The Pakistani-origin critic of ‘Big Tech’ companies, Lina Khan selected by US President Joe Biden for the top post at the American antitrust regulatory body.
In a move suggesting an aggressive posture on antitrust enforcement, the White House said:
it was submitting the nomination of Lina Khan to the Federal Trade Commission, an agency with authority over some mergers and antitrust policy.
The move follows the naming of Tim Wu. Tim is another Big Tech critic, to an economic advisory post in the White House.
Who is Lina Khan?
Lina Khan an associate professor of law at Columbia University’s law school. She is a graduate of Williams College and Yale Law School. Khan previously served as counsel to the US House of Representatives subcommittee on antitrust. Which last year released a lengthy report suggesting grounds for breaking up giants such as Facebook, Google, Amazon, and Apple.
Moreover, she teaches and writes about antitrust law, infrastructure industries law, and the antimonopoly tradition.
She became a public figure during her time as a law student at Yale University. When her article titled Amazon’s Antitrust Paradox was published in Yale Law Journal 2017. Her article made a significant impact in American legal and business circles. Even, The New York Times described it as “reframing decades of monopoly law.”

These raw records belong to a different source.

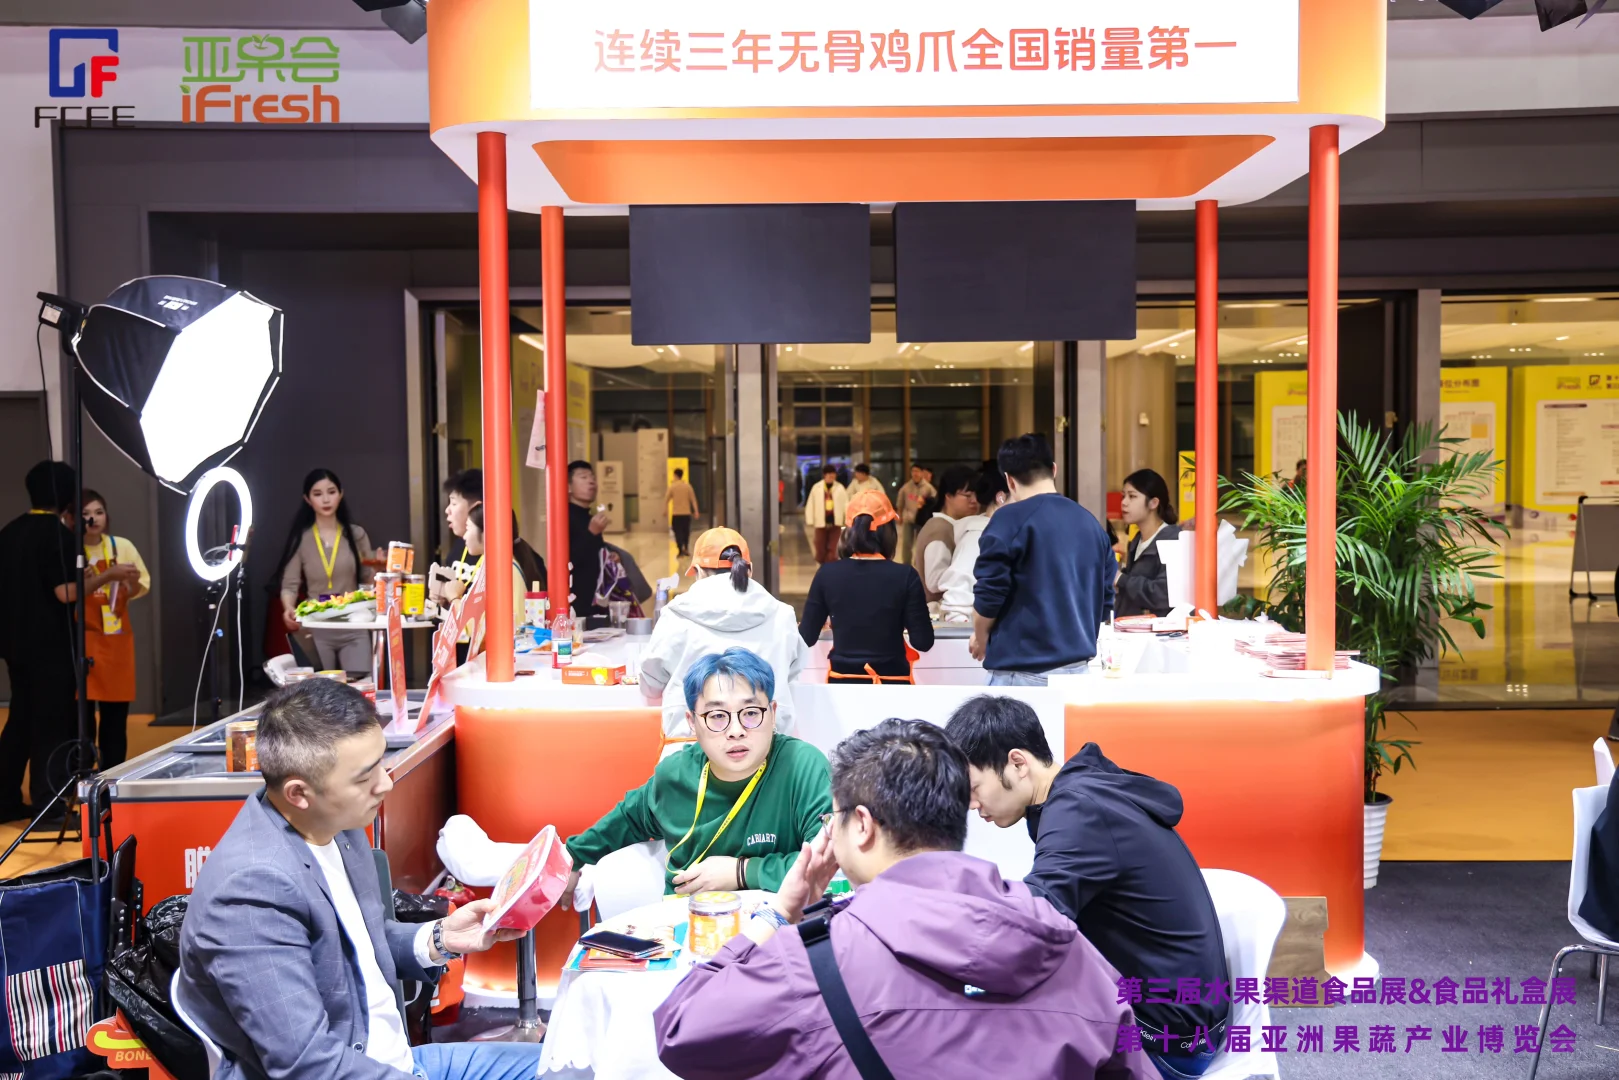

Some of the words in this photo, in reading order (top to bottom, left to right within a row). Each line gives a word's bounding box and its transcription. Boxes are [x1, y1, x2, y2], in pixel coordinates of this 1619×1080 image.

[594, 25, 1237, 73] 连续三年无骨鸡爪全国销量第一
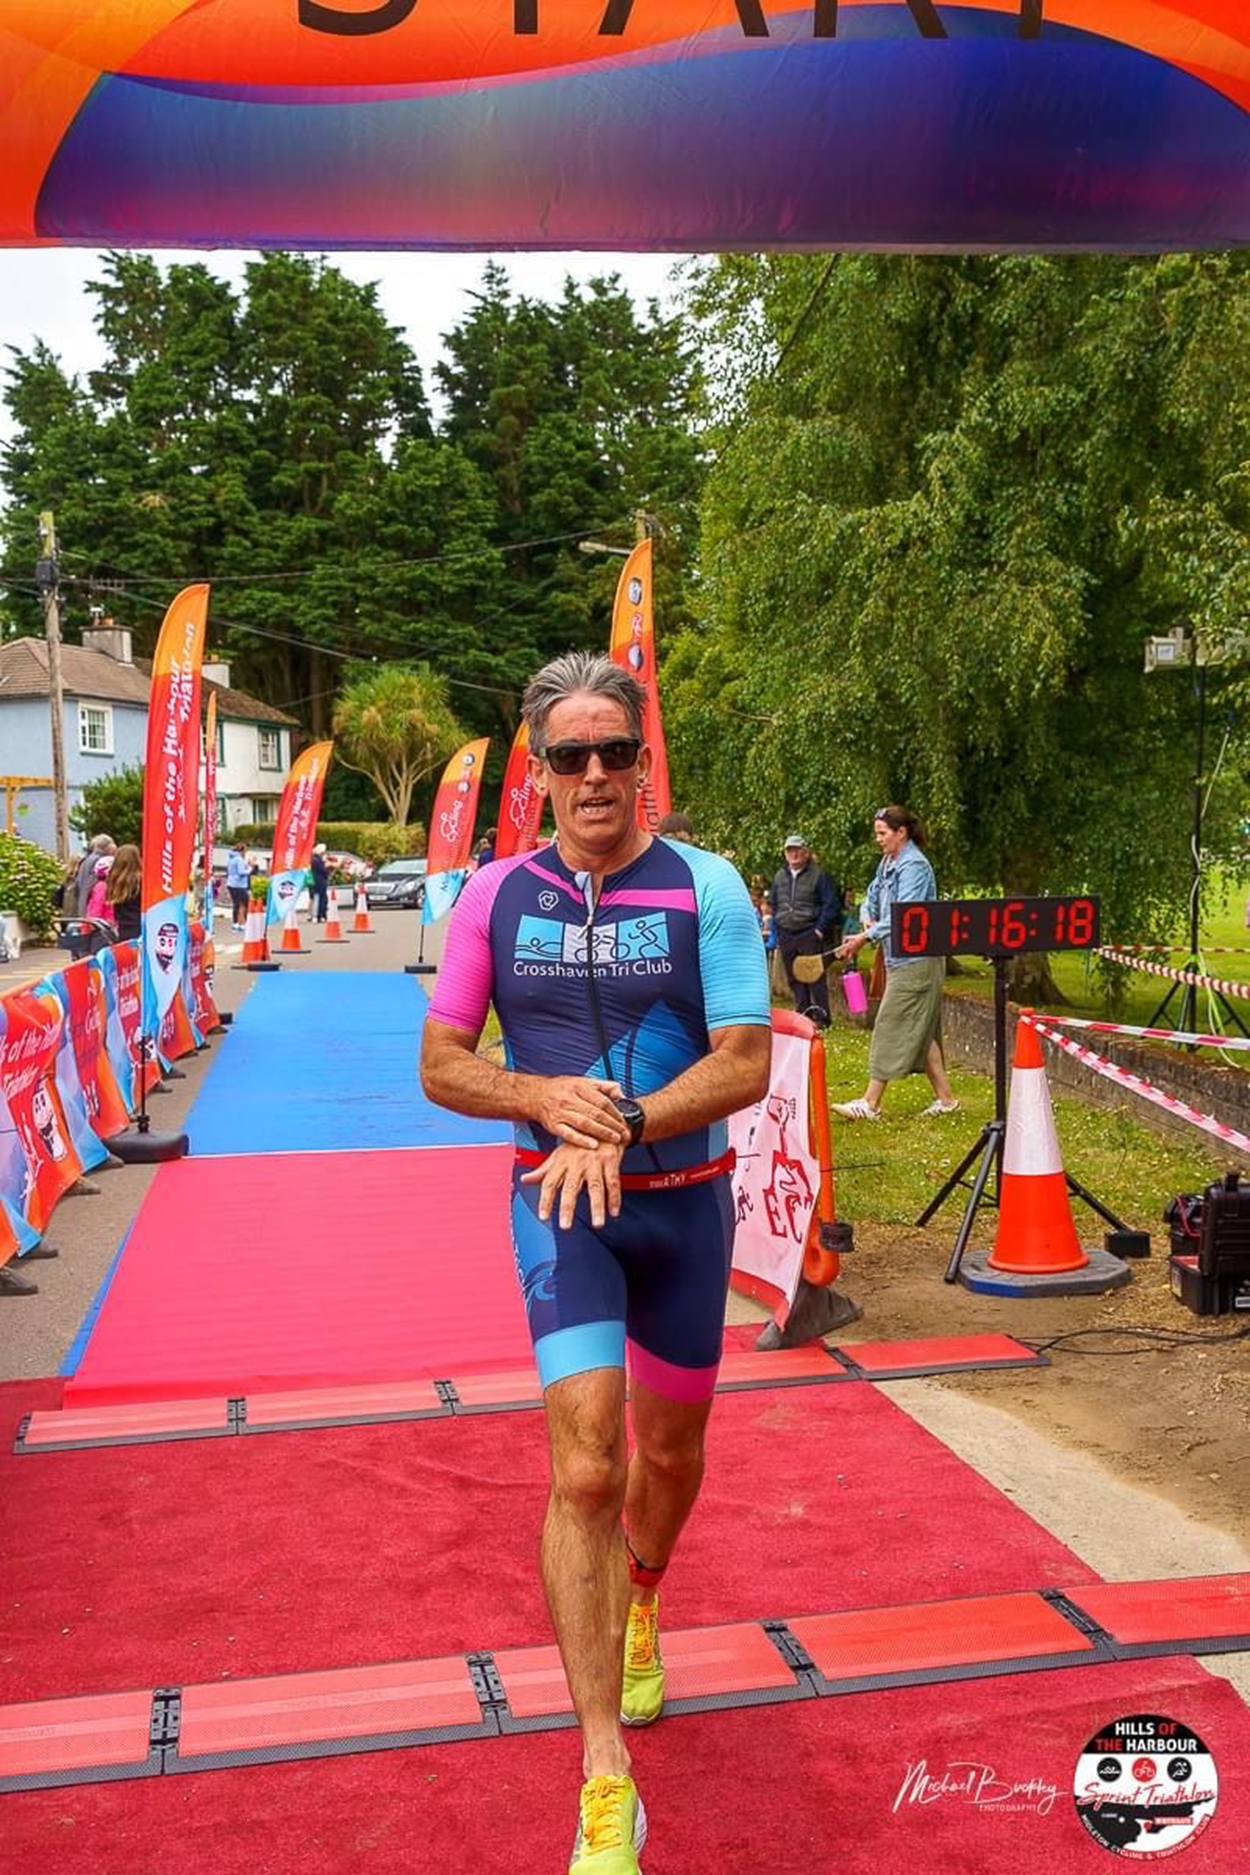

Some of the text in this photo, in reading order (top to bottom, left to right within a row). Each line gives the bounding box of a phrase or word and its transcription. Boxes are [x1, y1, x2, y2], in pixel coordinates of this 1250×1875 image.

[165, 762, 177, 801] the
[164, 803, 174, 834] of
[162, 839, 173, 893] Hills
[902, 900, 1094, 953] 01:16:18
[513, 959, 673, 978] Crosshaven Tri Club

Furthermore, Khan worked in the office of Federal Trade Commission member Rohit Chopra. Also, she was legal director at the Open Markets Institute, a think tank that has been highly critical of the Silicon Valley giants.
Why Lina face backlash?
The news comes amid a growing backlash against tech behemoths that have dominated key economic sectors and seen their influence grow during the coronavirus pandemic.
The move is likely to trigger a contentious nomination fight, with some Republicans already expressing opposition to Khan.

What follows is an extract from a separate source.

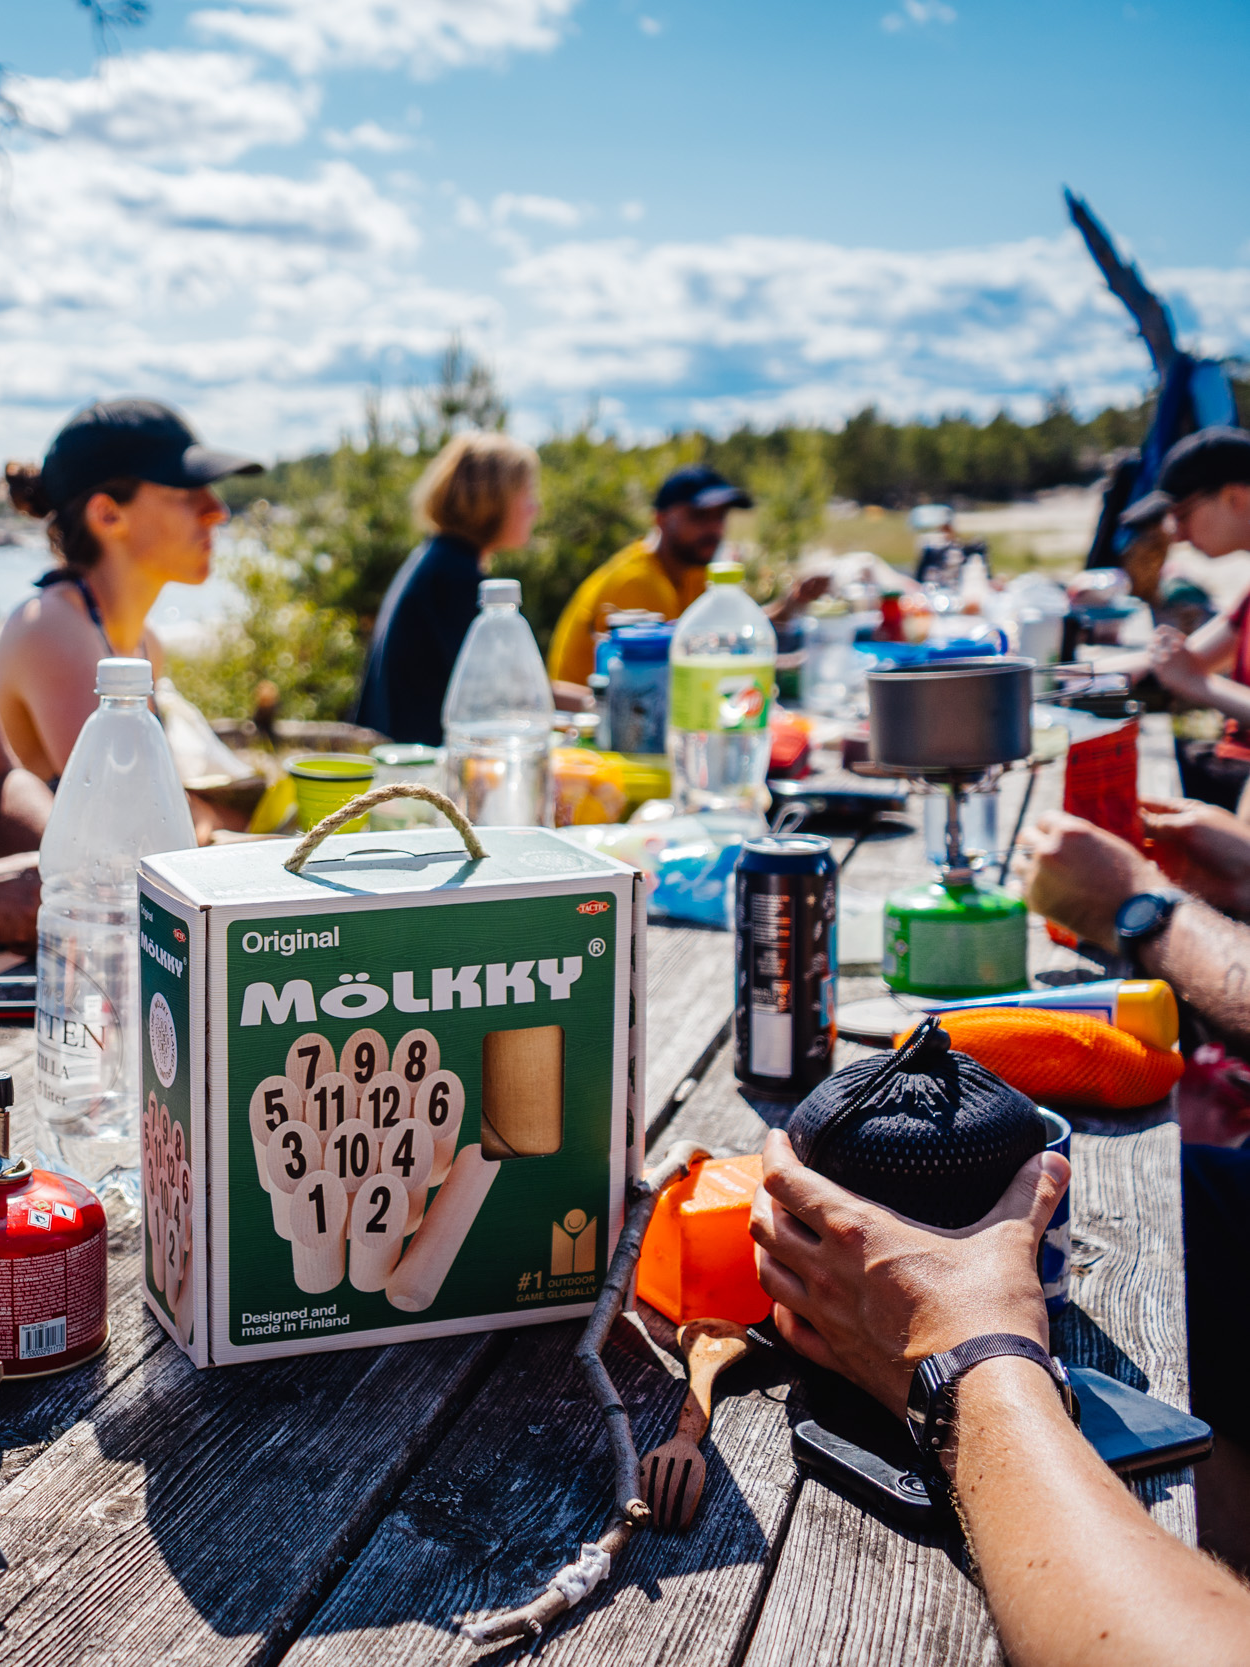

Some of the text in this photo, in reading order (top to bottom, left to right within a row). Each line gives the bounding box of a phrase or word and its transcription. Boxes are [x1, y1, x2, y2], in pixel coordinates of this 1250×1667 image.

Utah Senator Mike Lee said earlier this month that “being less than four years out of law school,” Khan “lacks the experience necessary for such an important role as FTC Commissioner.”
Additionally, Lee said:
“Her views on antitrust enforcement are also wildly out of step with a prudent approach to the law”. Also, that her appointment “would signal that President Biden intends to put ideology and politics ahead of competent antitrust enforcement.”

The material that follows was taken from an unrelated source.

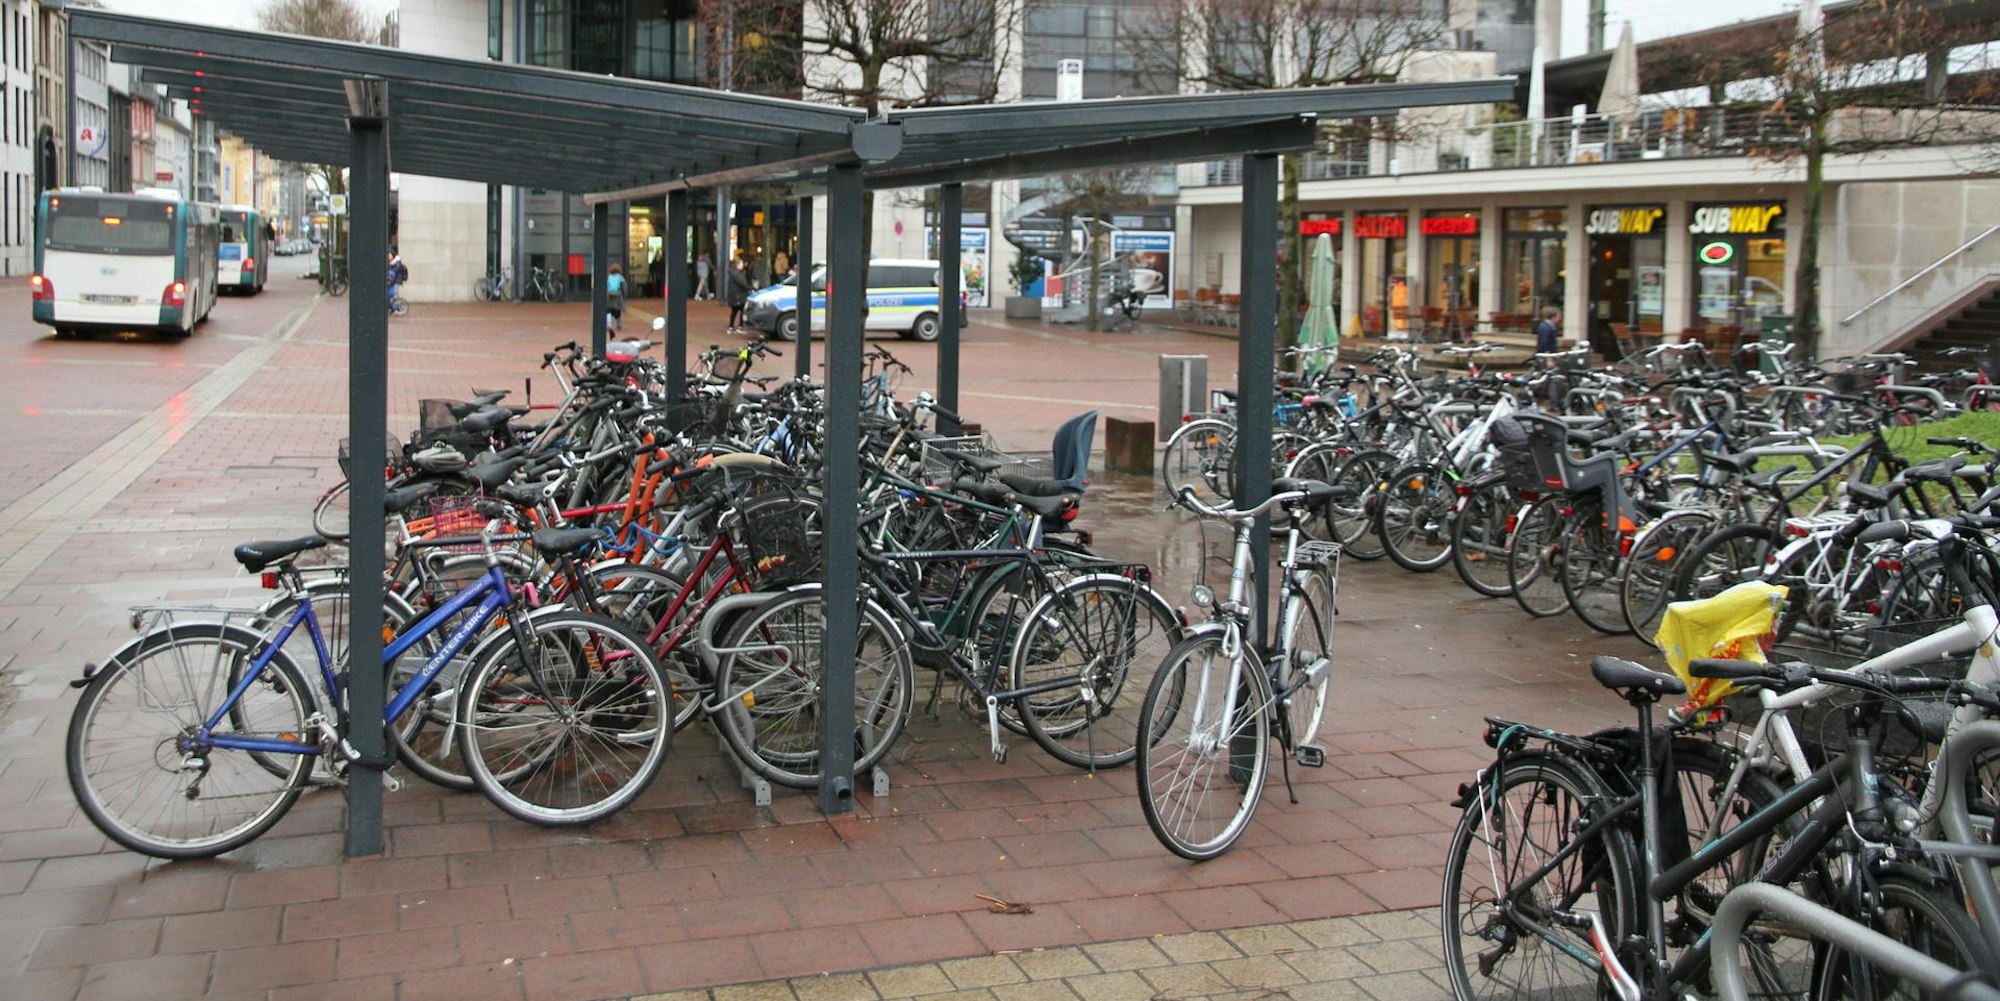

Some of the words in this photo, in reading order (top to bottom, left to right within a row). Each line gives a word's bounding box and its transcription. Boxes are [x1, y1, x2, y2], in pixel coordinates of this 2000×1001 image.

But Charlotte Slaiman of the consumer advocacy group Public Knowledge welcomed the news, saying
“Earlier this month that Khan’s appointment will signal that antitrust enforcement and important competition policy changes will be a high priority.”
Lawmakers and policymakers in recent years have been mulling the decades-old “consumer welfare” standard of antitrust enforcement. That allows for a largely hands-off approach for big firms as long as prices are not impacted.
Critics say this approach has allowed Big Tech firms to grow unchecked with unprecedented power over key sectors of the economy.